Image credit: KPF
Back in 2016, Team London Bridge set a vision for the St Thomas Street Boulevard in the London Bridge Plan. This vision has gone on to influence the focus on retail, public realm, cafes and greening initiatives in what is surely one of the most high-profile development sites in Central London.
But what is a Boulevard in London Bridge in the 2020s? The word ‘boulevard’ traditionally has connotations of a classical tree-lined street in 18th Century Paris, but surely takes on a different meaning in the current age.
An emerging boulevard
The bones of this Boulevard are impressive. A stroll down St Thomas Street now includes sights of the Shard, the new station with its restored arches and wide footway, and some wonderful elements of the health campus including the majestic courtyard, Science Gallery London and the Old Operating Theatre. We’ve even helped create some café culture, with customers of Nero, Bob’s Lobster and The Savanna enjoying the outdoor seating areas.
Building a boulevard
Emerging opportunities are being created on St Thomas Street through the following developments, which are currently being consulted on:
- Four neighbouring sites known as St Thomas Street East have pulled together to present a coordinated design response – or framework - to the street that you can view here.

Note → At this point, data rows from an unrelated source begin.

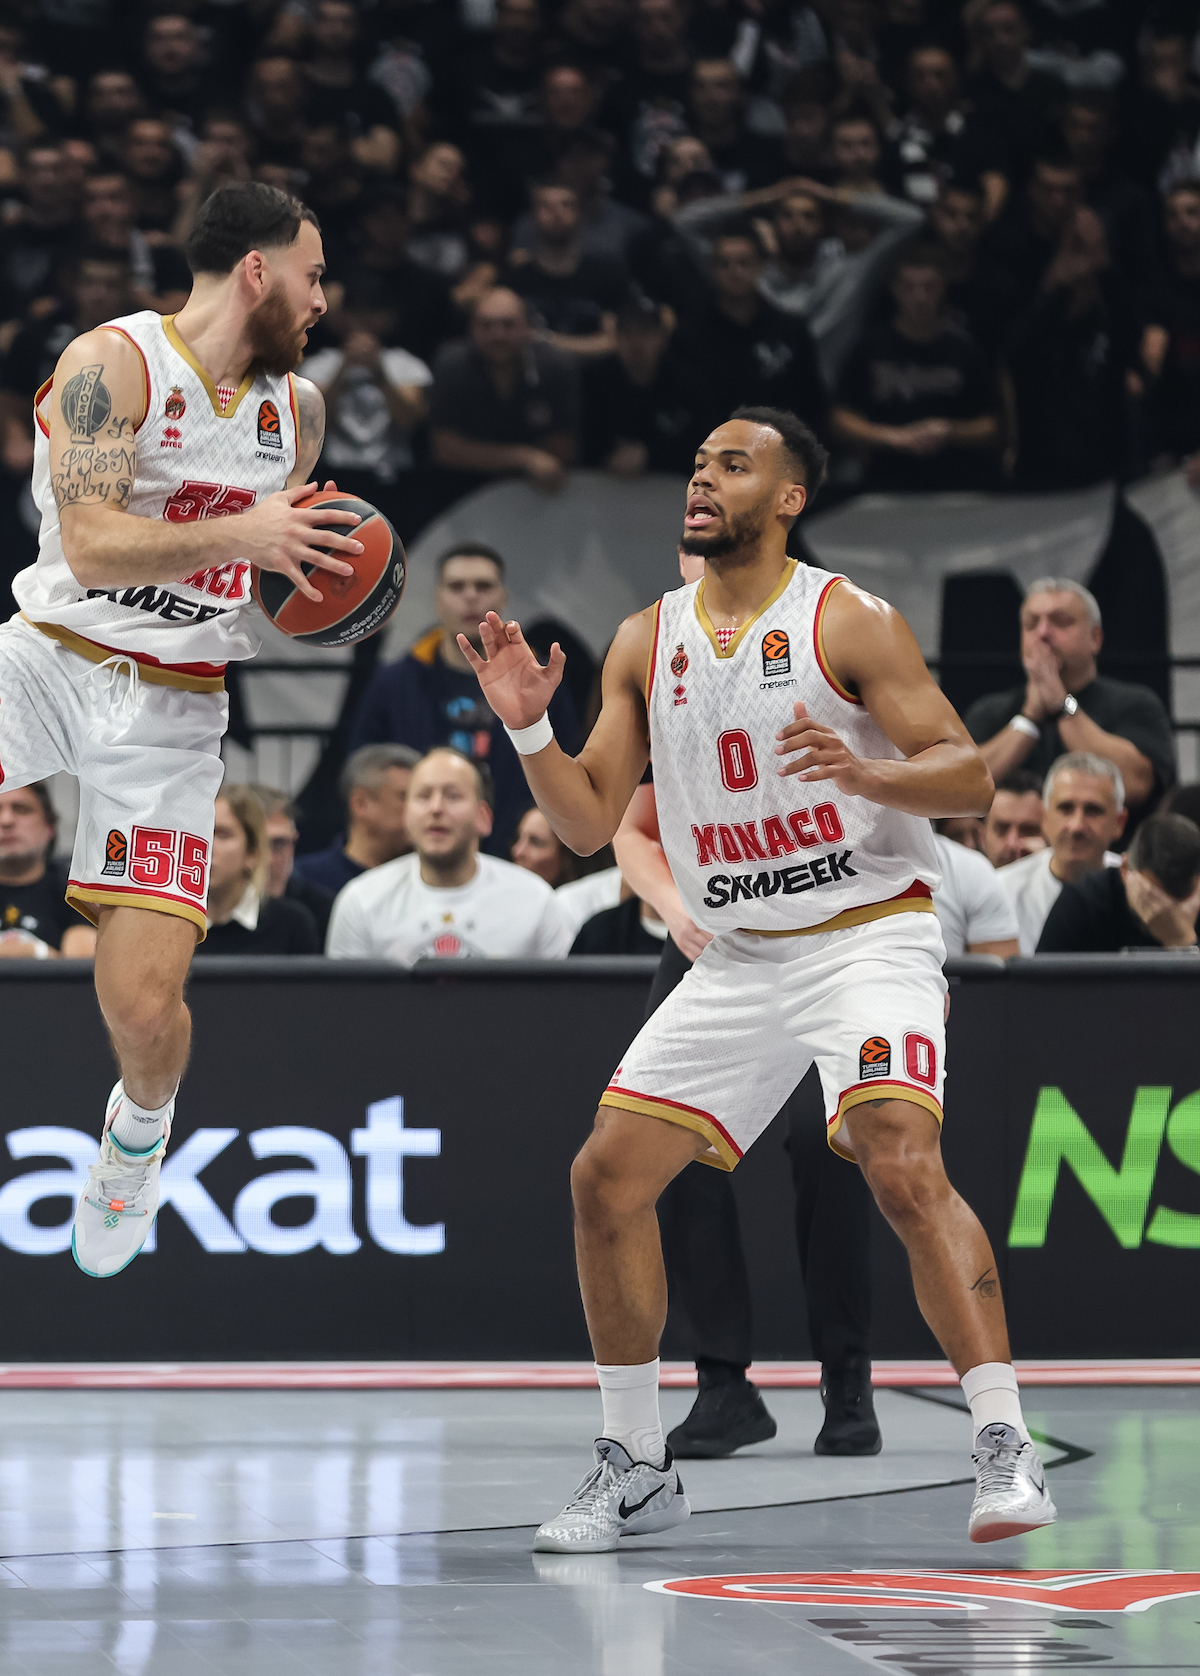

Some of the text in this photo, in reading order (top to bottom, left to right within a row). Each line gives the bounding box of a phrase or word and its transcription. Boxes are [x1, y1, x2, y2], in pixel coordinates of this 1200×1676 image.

[717, 728, 758, 792] 0
[128, 824, 209, 900] 55
[691, 801, 845, 867] MONACO
[902, 1031, 938, 1090] 0
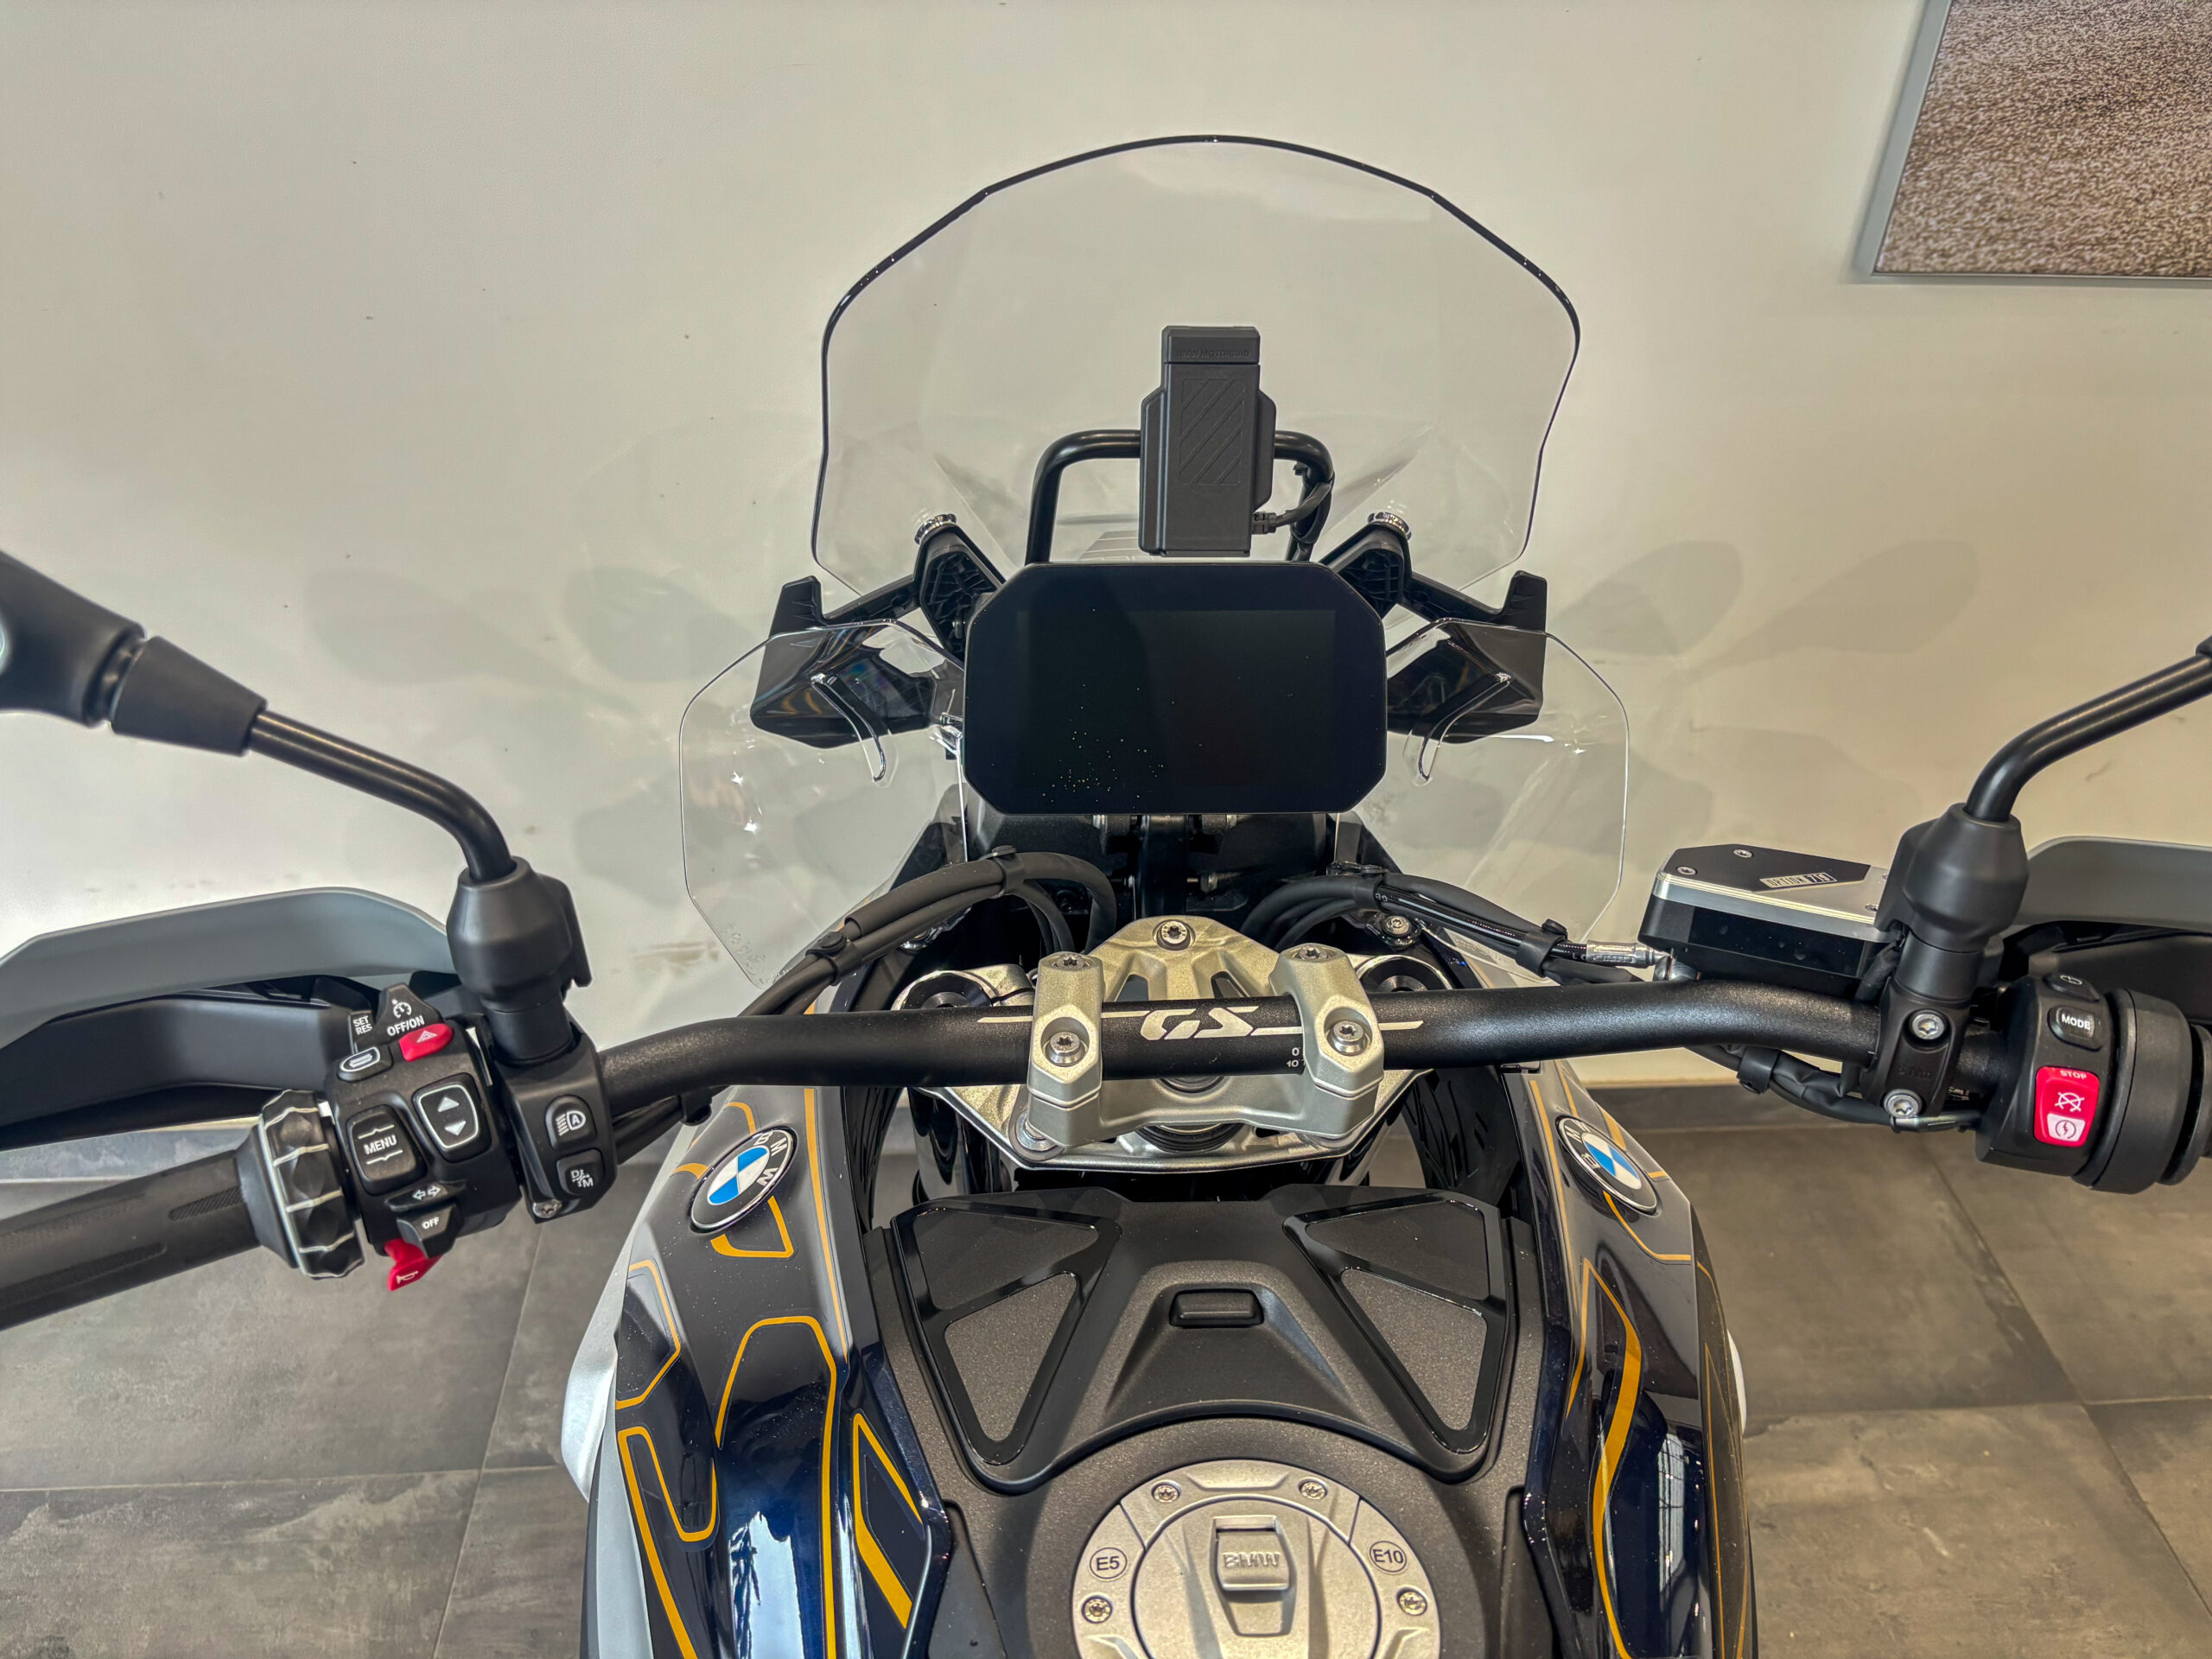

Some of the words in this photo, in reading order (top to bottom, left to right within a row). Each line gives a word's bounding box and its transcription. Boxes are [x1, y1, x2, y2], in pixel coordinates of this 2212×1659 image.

[1767, 875, 1807, 887] OPTION
[1806, 874, 1832, 883] 719
[353, 1015, 369, 1027] SET
[387, 1014, 425, 1037] OFF/ON
[1140, 1006, 1259, 1040] GS
[2061, 1014, 2091, 1031] MODE
[355, 1023, 373, 1036] RES
[2059, 1070, 2088, 1080] STOP
[571, 1114, 581, 1126] A
[364, 1134, 398, 1155] MENU
[753, 1130, 788, 1187] BMW
[421, 1217, 440, 1230] OFF
[1096, 1555, 1121, 1572] E5
[1222, 1551, 1281, 1569] BMW
[1372, 1549, 1404, 1565] E10

- New City Court, now in the planning process, with a tower surrounded by restored Georgian facades and shops, opening up the west end of the street.
At Team London Bridge, we are focusing our efforts on the ground floor experience. This is where the developments will be experienced up close, and this is where the attractions will be located that create a new destination; we want this to be a 7-day space.
People watching on the Champs Elysee - Paris
From the BID’s perspective, a boulevard will be created by:
- Reducing traffic. While the Champs-Élysées may be famous for its hectic multi-lane avenues, we’d like St Thomas Street Boulevard to have as few vehicles as possible. New traffic restrictions have kept volumes of traffic down, and we’re encouraging all developers to deliver full-scale consolidation of future deliveries and to prioritise quality public realm, good air and walking.
- Abundant greening. In keeping with tradition, we’d love a classical tree-lined street, and we hope this is possible. But the greening opportunities can go further, and these developments offer public spaces, building elevations and upper terraces where an abundance of greenery can climb, drape and grow – with all the biodiversity, health benefits and beauty that comes with it.
- Shopping, eating and culture. One thing that we always expect from a boulevard is the opportunity for people-watching. Although the experiences and offer might change, ultimately we want to see people engaging with wonderful experiences. We really hope new and significant cultural offers are part of the mix.
- Minimal environmental impact. The impact a street has on the environment is a more recent feature of placeshaping to consider. Team London Bridge's aim to be one of the most environmentally resilient business districts in the world. A 21stCentury boulevard can turn this into a selling point: whether it is about how energy is generated, the urban heat island effect, minimising carbon footprint or being air quality positive.
- High-quality architecture– buildings and spaces which reveal and renew the wonderful heritage of the area.
If you’d like to know more, please don’t hesitate to get in touch. As a local business, your input is vital. Contact email@example.com or reach the developers directly, who are seeking your comments.
- Jack Skillen Placeshaping Director
The latest addition to St Thomas Street has just been revealed. A warm welcome to Flea Vintage Market, opening at the Vinegar Yard on 2nd March. The exciting mix of retail pop-ups and weekly market will open our eyes to the possibilities of the street. After all, what could be more Parisian than a good old-fashioned flea market? Plus ça change!